Transcribe the data exactly, omitting whatever pictures it holds.

**DATA RECORDS**
※

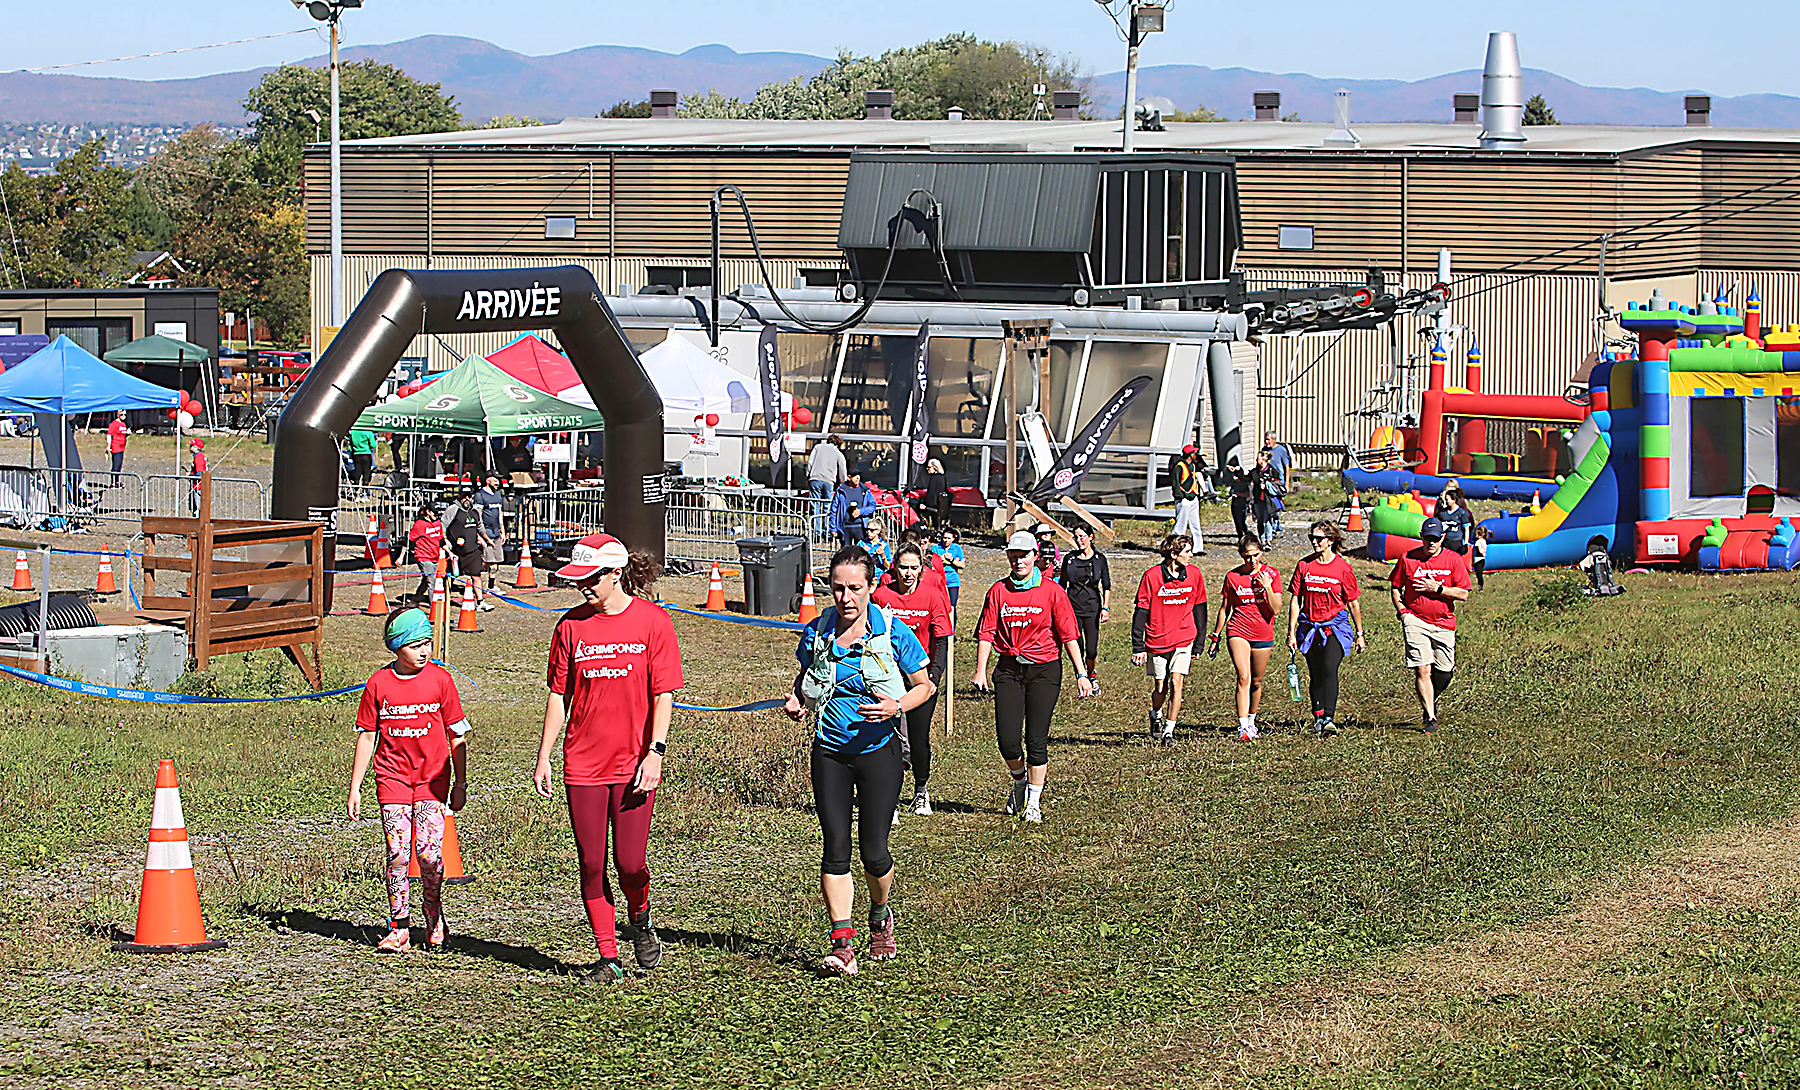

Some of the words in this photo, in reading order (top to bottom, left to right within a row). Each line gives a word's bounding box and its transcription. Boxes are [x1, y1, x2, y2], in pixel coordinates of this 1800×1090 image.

[456, 281, 560, 320] ARRIVÉE
[516, 415, 583, 430] SPORTSTATS
[585, 643, 647, 656] GRIMPONSP
[583, 666, 628, 679] Latulippe
[46, 676, 72, 690] SHIMANO
[81, 684, 108, 696] SHIMANO
[117, 689, 145, 700] SHIMANO
[388, 702, 441, 715] GRIMPONSP

※

**YOUR SOLUTION**
Some of the words in this photo, in reading order (top to bottom, left to right within a row). Each line gives a word's bounding box and its transcription. Boxes are [x1, y1, x2, y2], in pixel coordinates of this 1800×1090 image.

[456, 281, 560, 320] ARRIVÉE
[516, 415, 583, 430] SPORTSTATS
[585, 643, 647, 656] GRIMPONSP
[583, 666, 628, 679] Latulippe
[46, 676, 72, 690] SHIMANO
[81, 684, 108, 696] SHIMANO
[117, 689, 145, 700] SHIMANO
[388, 702, 441, 715] GRIMPONSP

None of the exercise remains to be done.